— Problem statement —
Nothing but the pictures should be left out when you copy the records exactly.

Collected data:
----
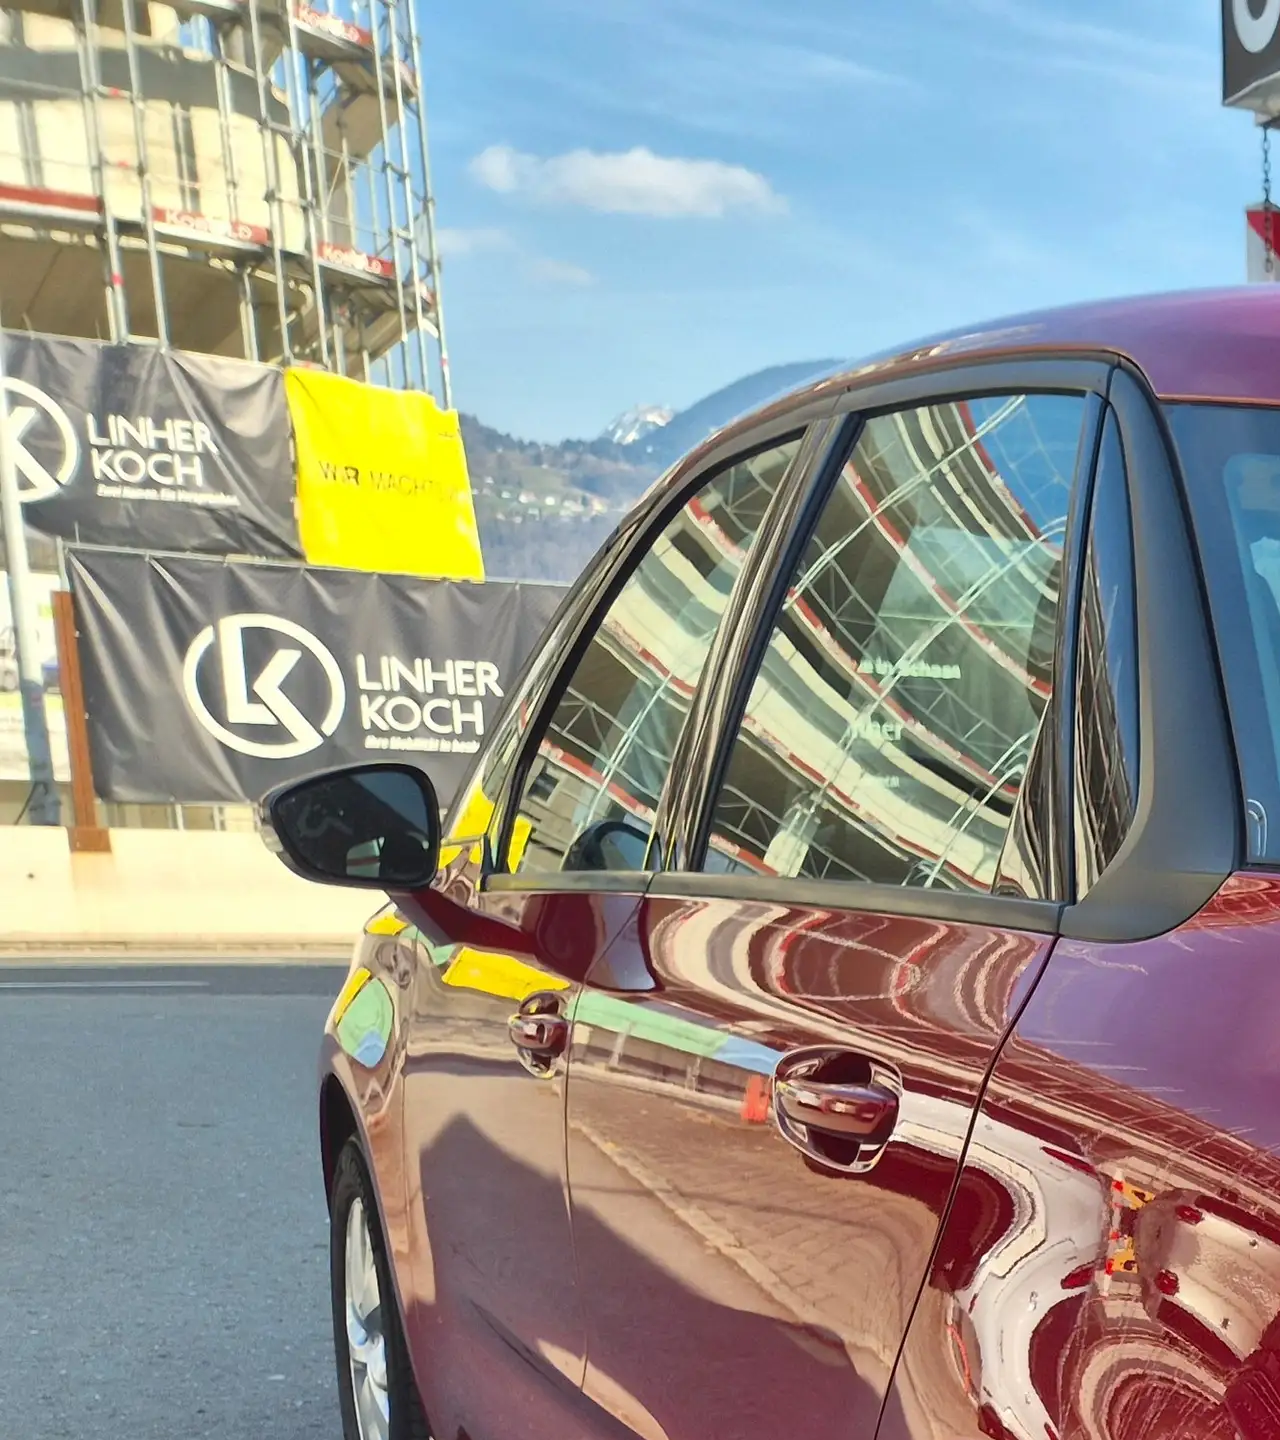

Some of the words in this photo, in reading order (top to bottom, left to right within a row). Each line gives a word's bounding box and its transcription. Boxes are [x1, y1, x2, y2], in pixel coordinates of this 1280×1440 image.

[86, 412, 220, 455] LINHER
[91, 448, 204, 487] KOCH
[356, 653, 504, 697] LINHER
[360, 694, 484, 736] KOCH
----
— Result —
Some of the words in this photo, in reading order (top to bottom, left to right within a row). Each line gives a word's bounding box and its transcription. Boxes are [x1, y1, x2, y2], in pixel coordinates of this 1280×1440 image.

[86, 412, 220, 455] LINHER
[91, 448, 204, 487] KOCH
[356, 653, 504, 697] LINHER
[360, 694, 484, 736] KOCH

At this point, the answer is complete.